Data Start Marker

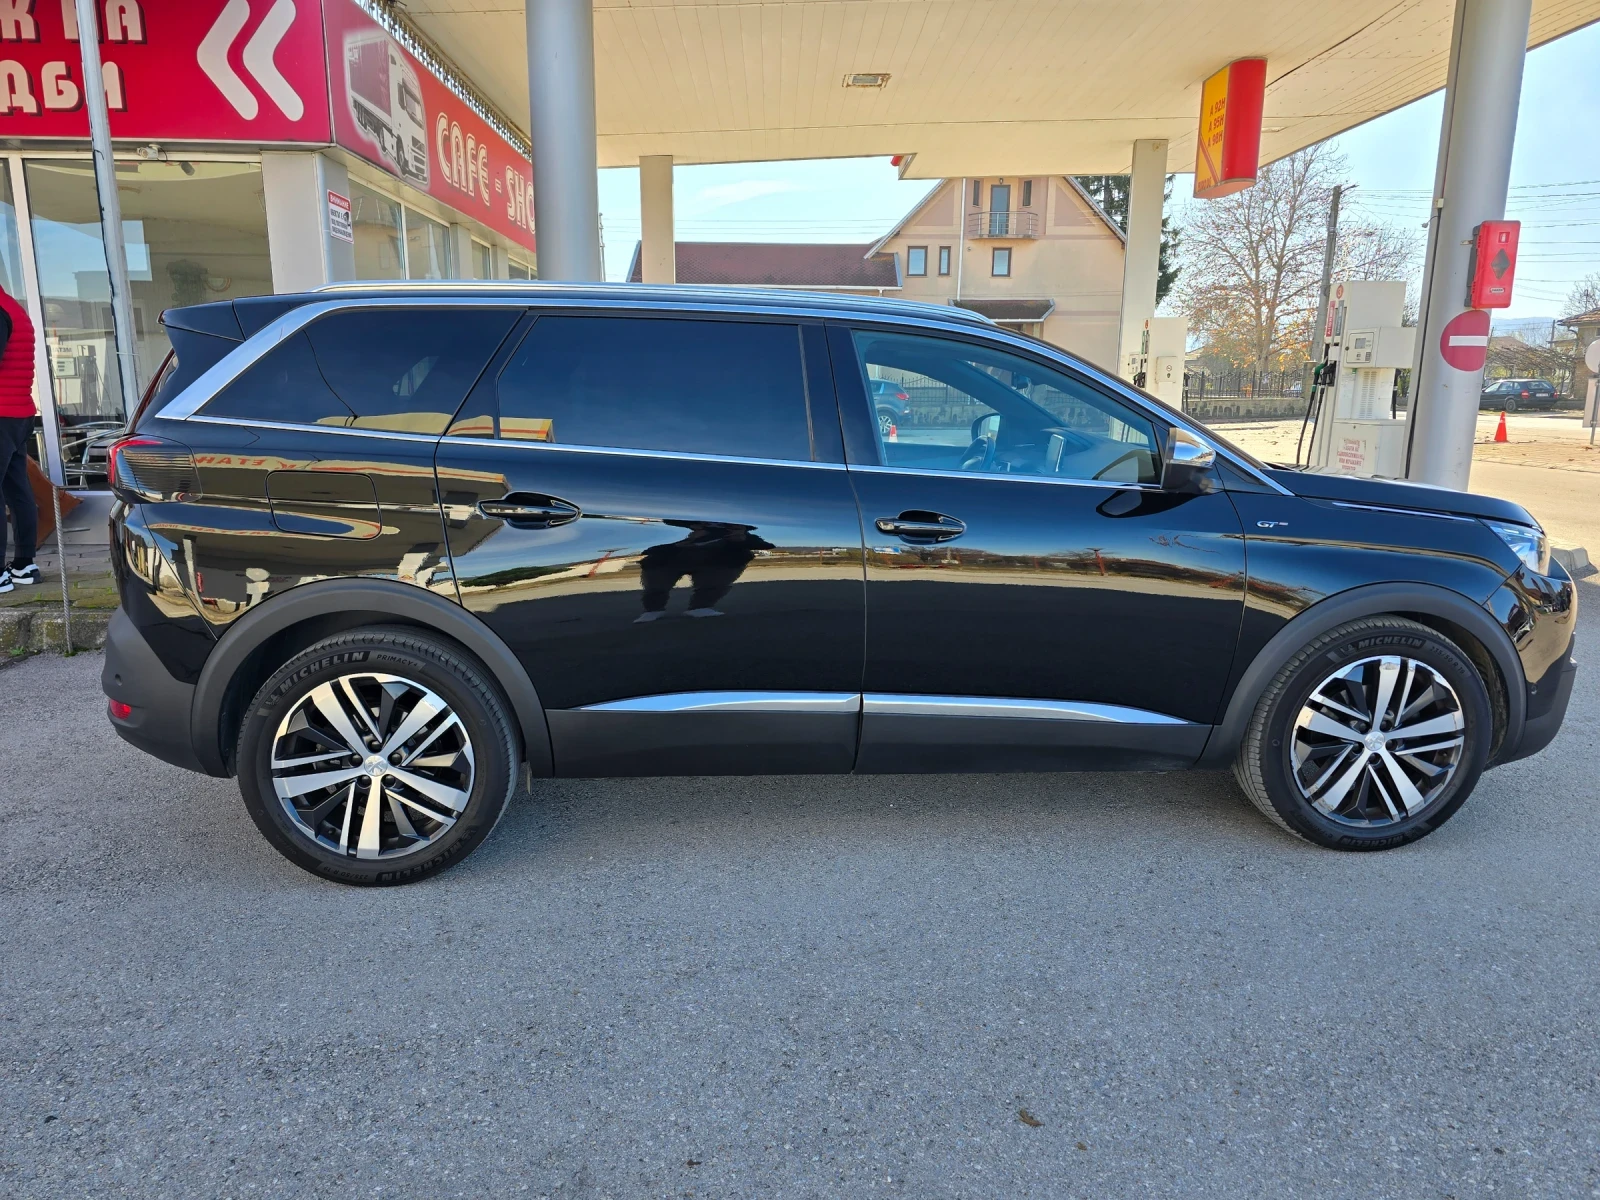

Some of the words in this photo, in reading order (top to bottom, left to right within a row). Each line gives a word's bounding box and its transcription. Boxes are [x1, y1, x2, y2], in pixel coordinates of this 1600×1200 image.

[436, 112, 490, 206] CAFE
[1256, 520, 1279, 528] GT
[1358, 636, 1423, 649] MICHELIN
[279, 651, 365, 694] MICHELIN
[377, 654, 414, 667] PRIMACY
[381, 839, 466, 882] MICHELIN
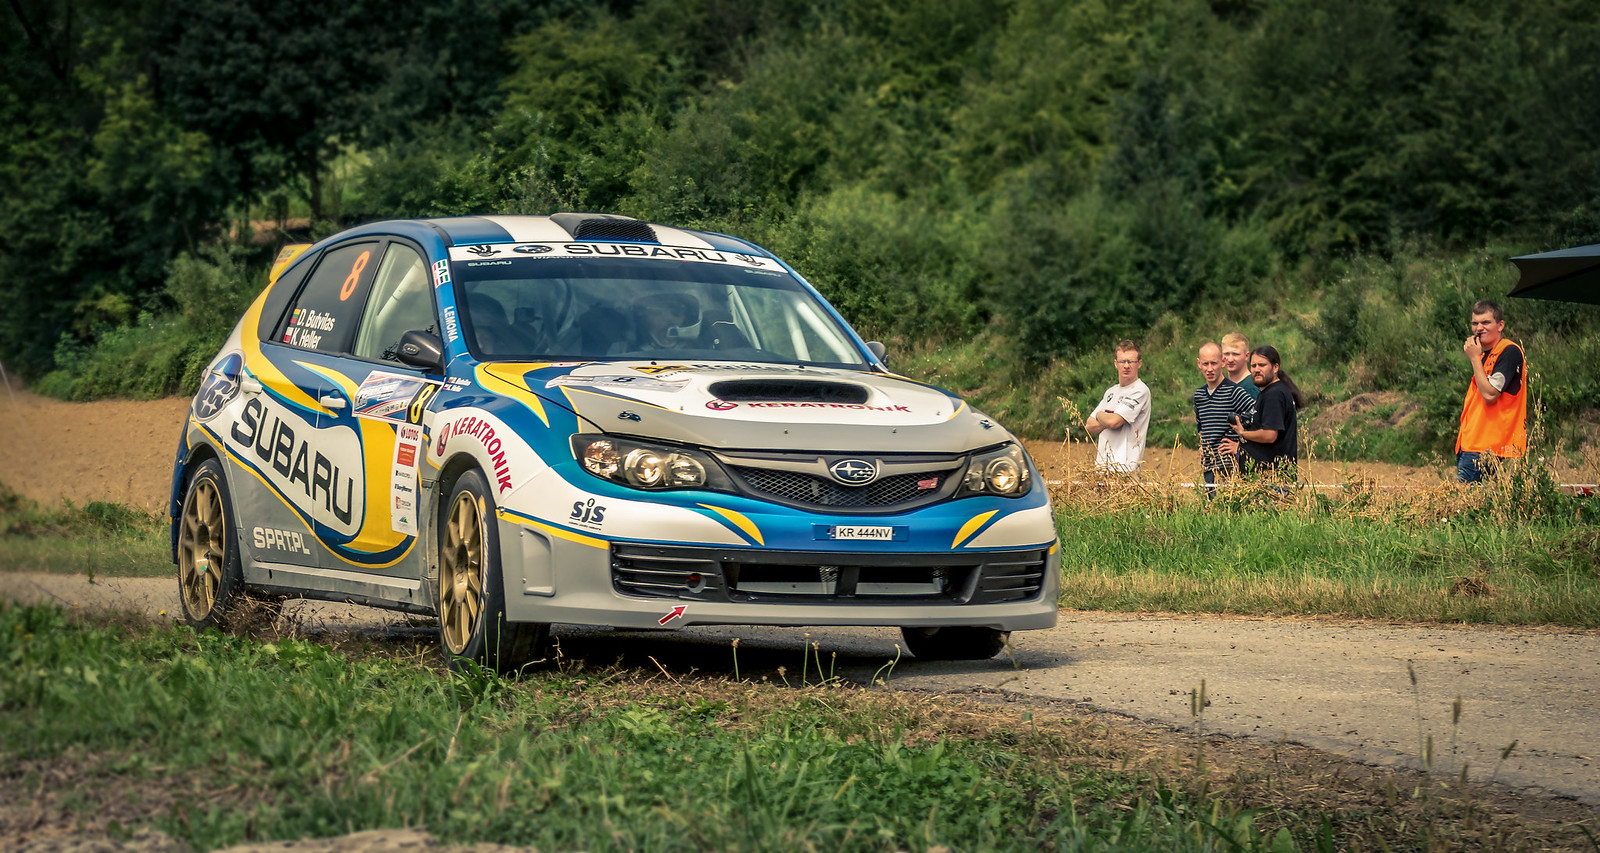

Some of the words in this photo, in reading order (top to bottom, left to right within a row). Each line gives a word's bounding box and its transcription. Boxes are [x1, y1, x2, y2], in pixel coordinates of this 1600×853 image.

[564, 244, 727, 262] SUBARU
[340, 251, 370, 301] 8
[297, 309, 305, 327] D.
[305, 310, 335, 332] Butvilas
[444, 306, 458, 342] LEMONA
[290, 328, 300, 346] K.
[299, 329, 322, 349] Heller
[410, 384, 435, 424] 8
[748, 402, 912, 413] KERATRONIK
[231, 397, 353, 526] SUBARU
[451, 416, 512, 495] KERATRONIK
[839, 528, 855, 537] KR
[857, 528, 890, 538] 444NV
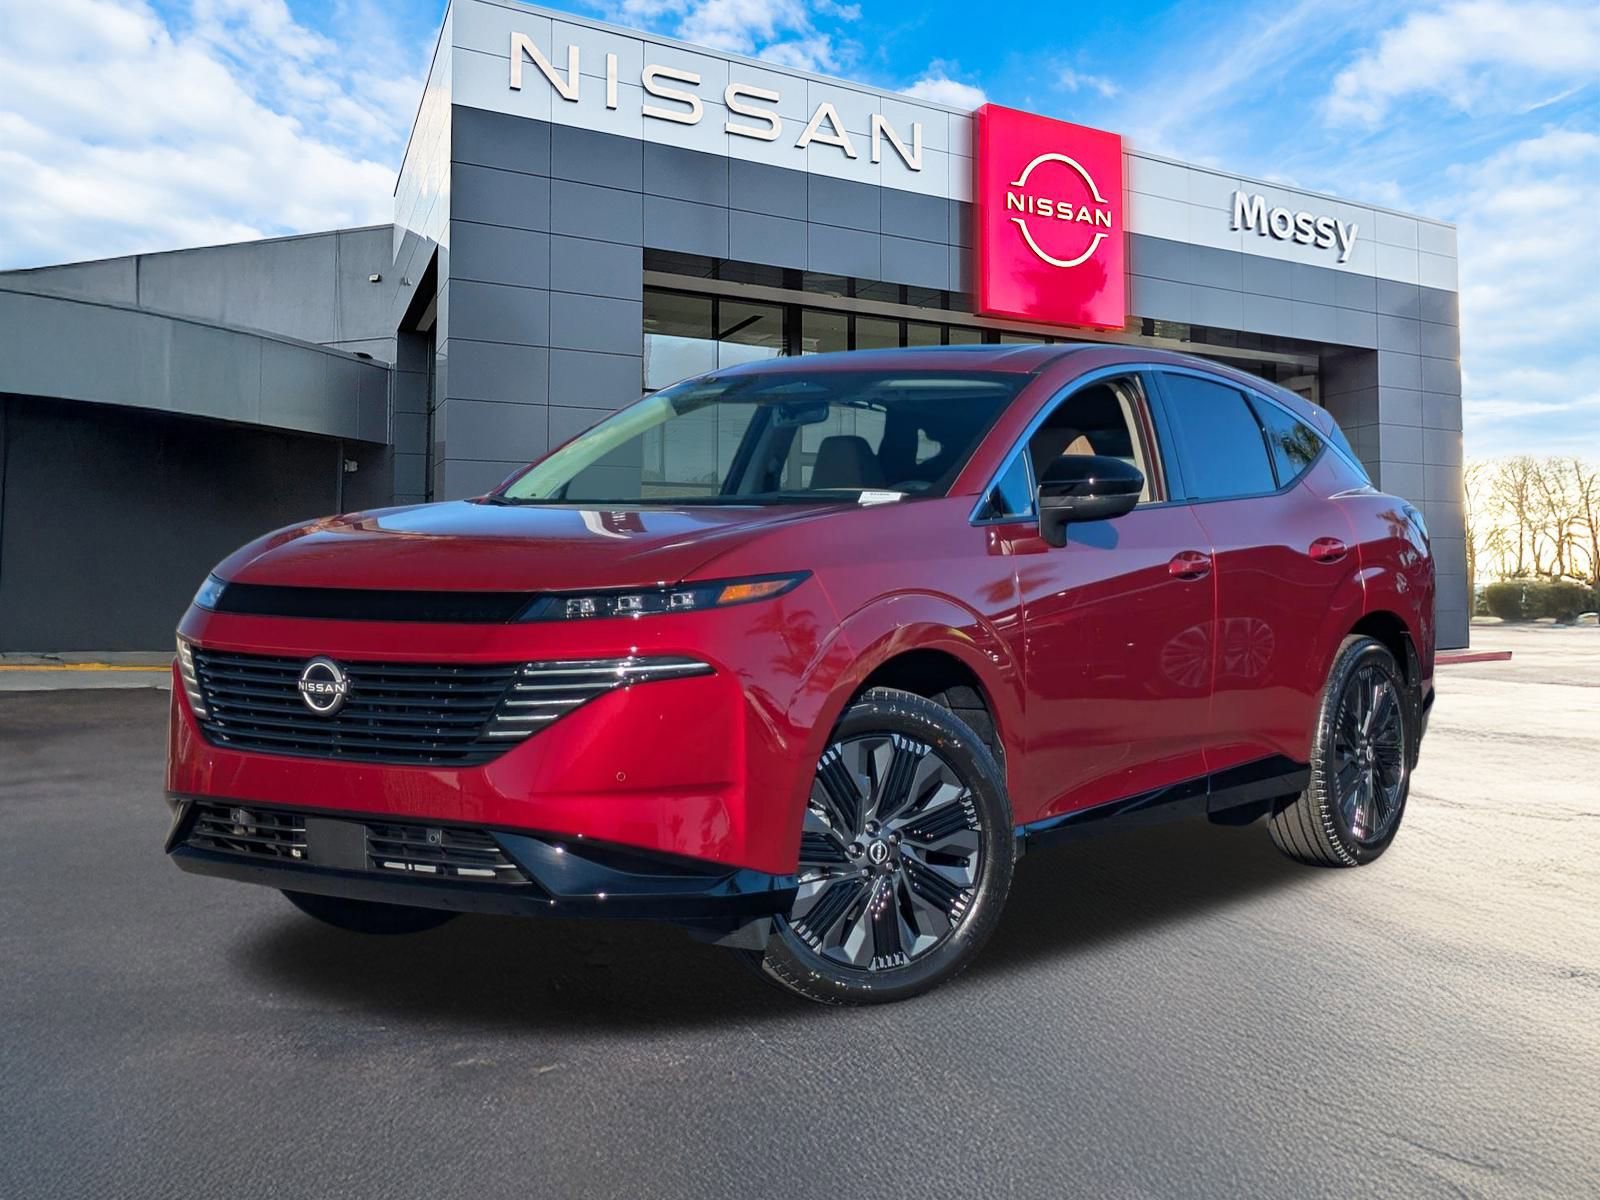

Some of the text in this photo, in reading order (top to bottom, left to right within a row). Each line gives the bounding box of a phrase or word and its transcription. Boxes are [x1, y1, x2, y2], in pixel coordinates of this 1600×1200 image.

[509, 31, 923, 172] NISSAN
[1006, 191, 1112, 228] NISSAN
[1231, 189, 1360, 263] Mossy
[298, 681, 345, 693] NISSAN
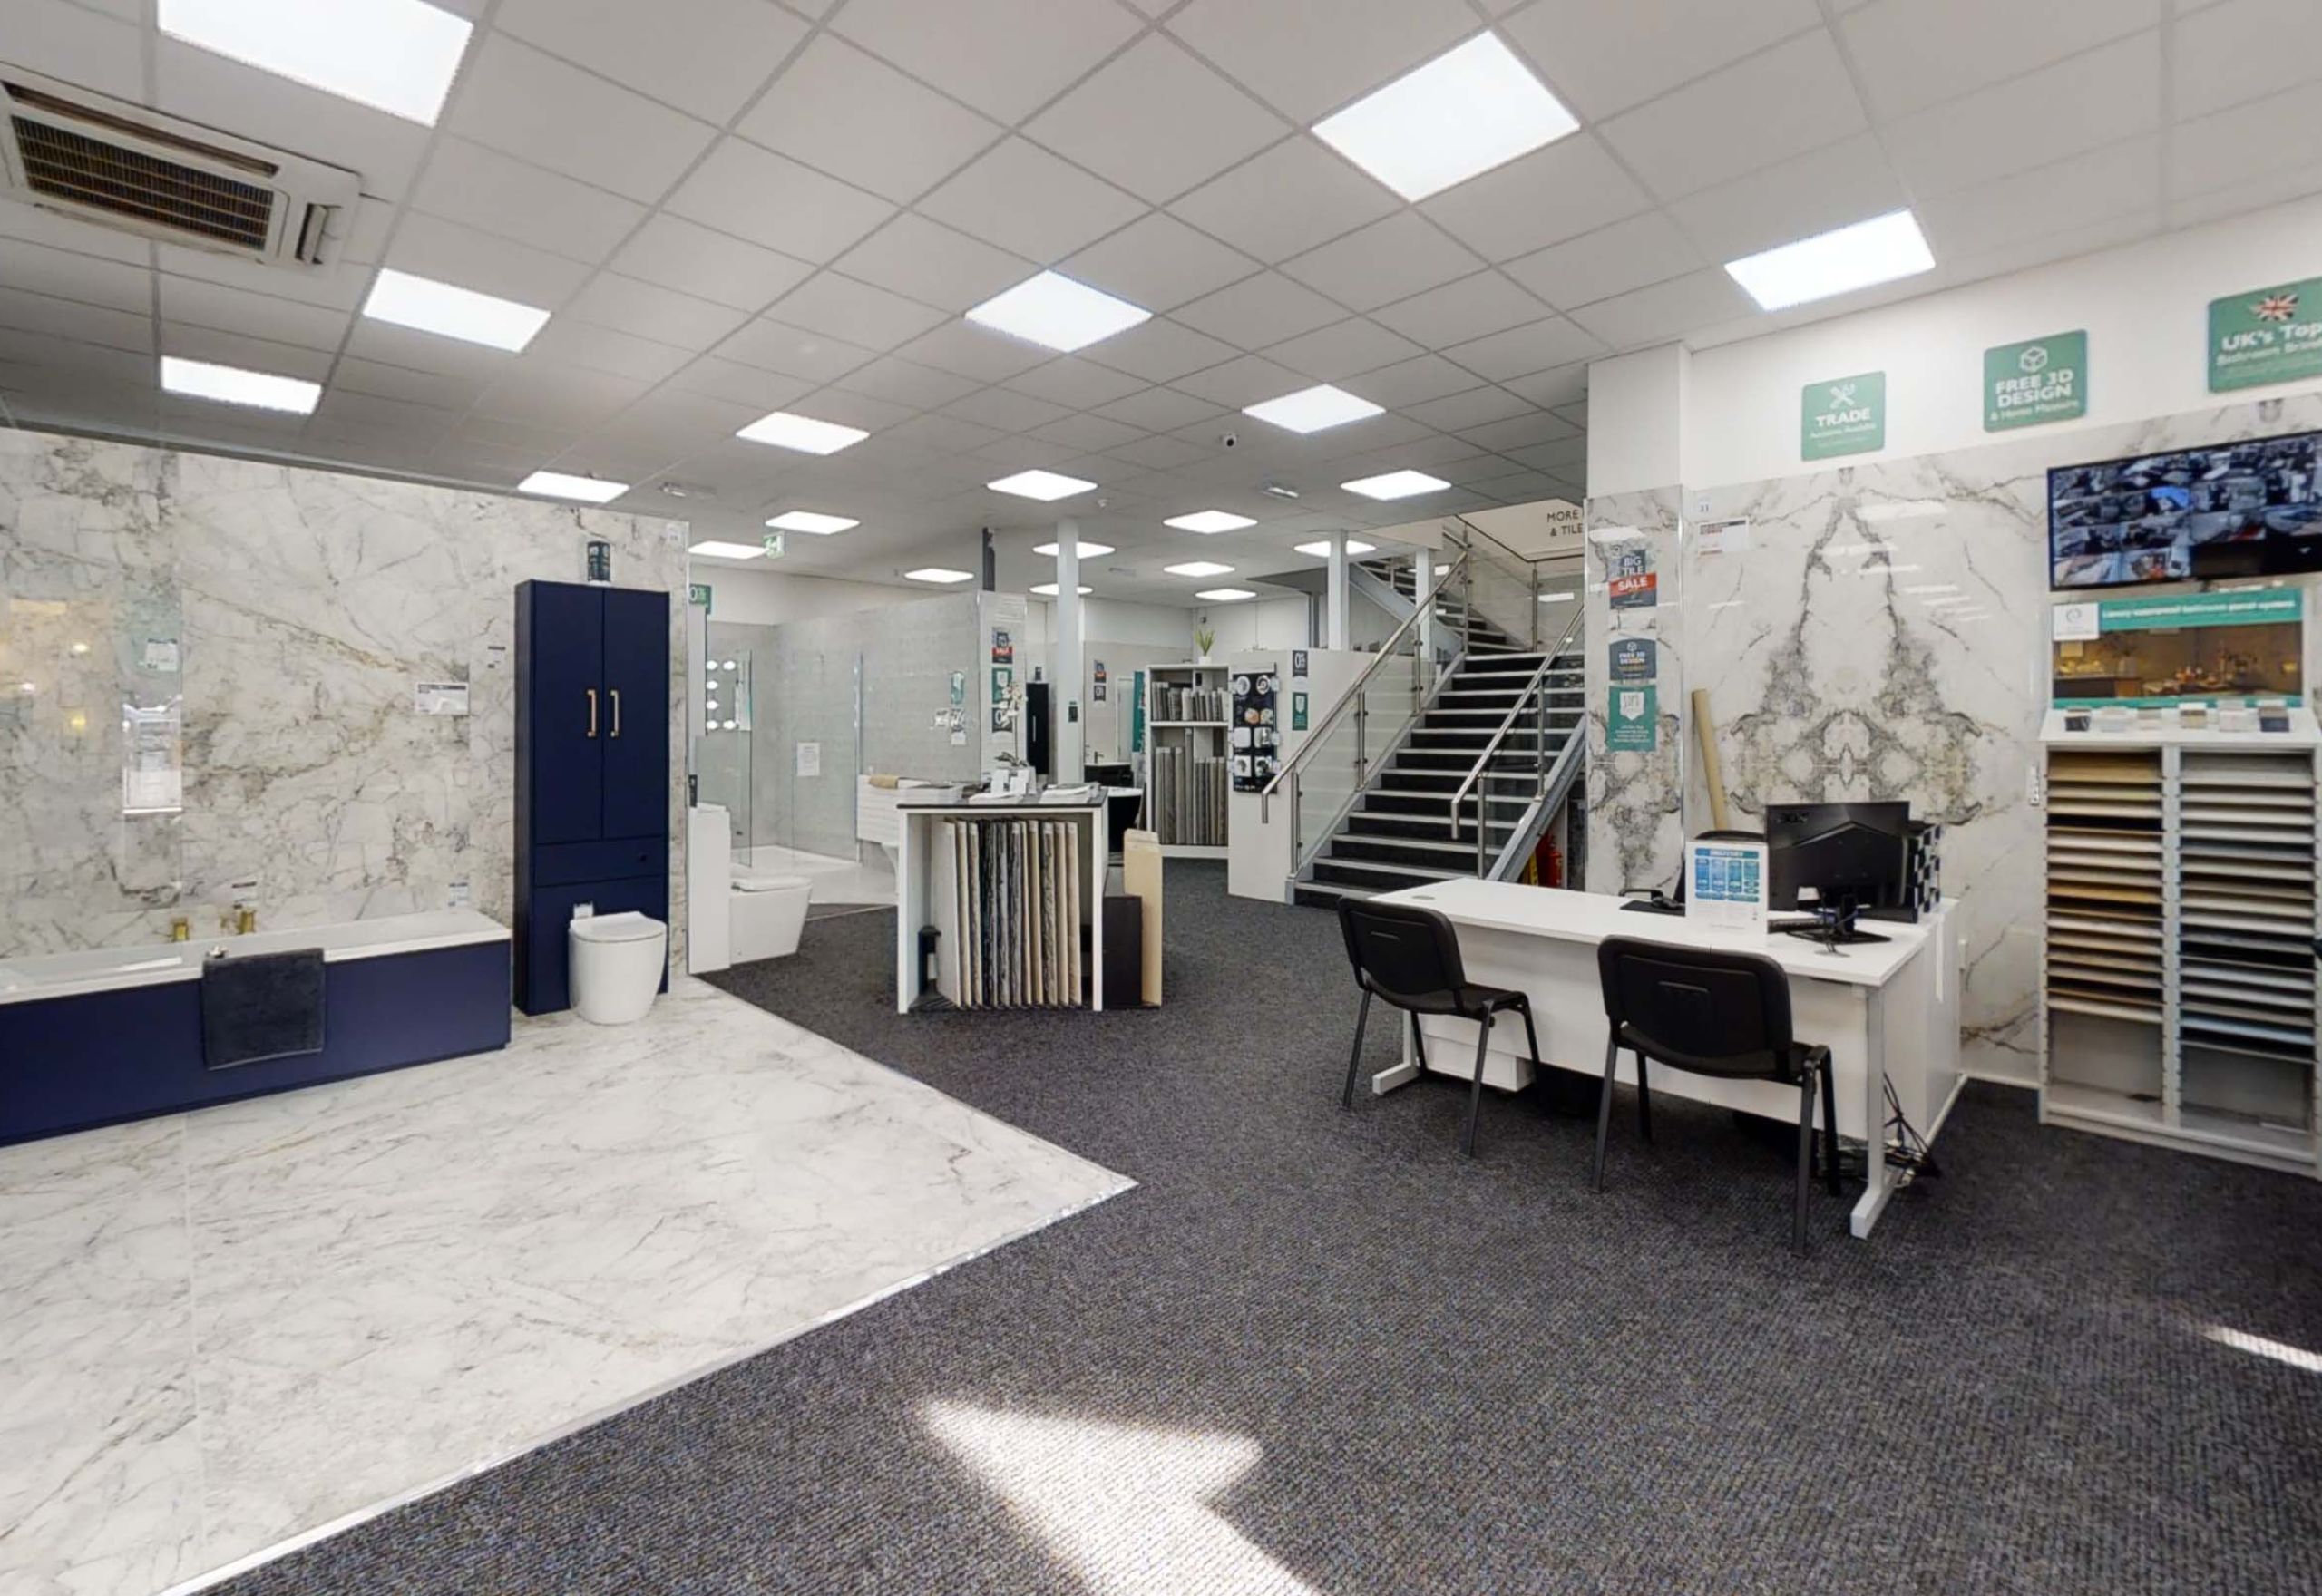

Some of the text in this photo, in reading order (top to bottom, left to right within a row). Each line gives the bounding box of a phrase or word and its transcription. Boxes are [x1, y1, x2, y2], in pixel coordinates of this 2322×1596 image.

Data End Marker

> What you are asked to do: A faithful copy of every record is needed here. Leave the images out of it.

> Finished task:
Some of the words in this photo, in reading order (top to bottom, left to right within a row). Each line gives a word's bounding box and its transcription. Boxes are [x1, y1, x2, y2], in pixel coordinates of this 1600×1200 image.

[436, 112, 490, 206] CAFE
[1256, 520, 1279, 528] GT
[1358, 636, 1423, 649] MICHELIN
[279, 651, 365, 694] MICHELIN
[377, 654, 414, 667] PRIMACY
[381, 839, 466, 882] MICHELIN

Some of the words in this photo, in reading order (top to bottom, left to right within a row). Each line gives a word's bounding box and its transcription. Boxes are [x1, y1, x2, y2], in pixel coordinates of this 1600×853 image.

[564, 244, 727, 262] SUBARU
[340, 251, 370, 301] 8
[297, 309, 305, 327] D.
[305, 310, 335, 332] Butvilas
[444, 306, 458, 342] LEMONA
[290, 328, 300, 346] K.
[299, 329, 322, 349] Heller
[410, 384, 435, 424] 8
[748, 402, 912, 413] KERATRONIK
[231, 397, 353, 526] SUBARU
[451, 416, 512, 495] KERATRONIK
[839, 528, 855, 537] KR
[857, 528, 890, 538] 444NV

Some of the text in this photo, in reading order (top to bottom, left to right within a row). Each line gives the bounding box of a phrase or word and its transcription. Boxes are [x1, y1, x2, y2], in pixel coordinates of this 1600×1200 image.

[509, 31, 923, 172] NISSAN
[1006, 191, 1112, 228] NISSAN
[1231, 189, 1360, 263] Mossy
[298, 681, 345, 693] NISSAN

Some of the text in this photo, in reading order (top to bottom, left to right within a row). Each line gives the bounding box of a phrase or word and its transcription. Boxes are [x1, y1, x2, y2], in pixel coordinates of this 2322×1596 image.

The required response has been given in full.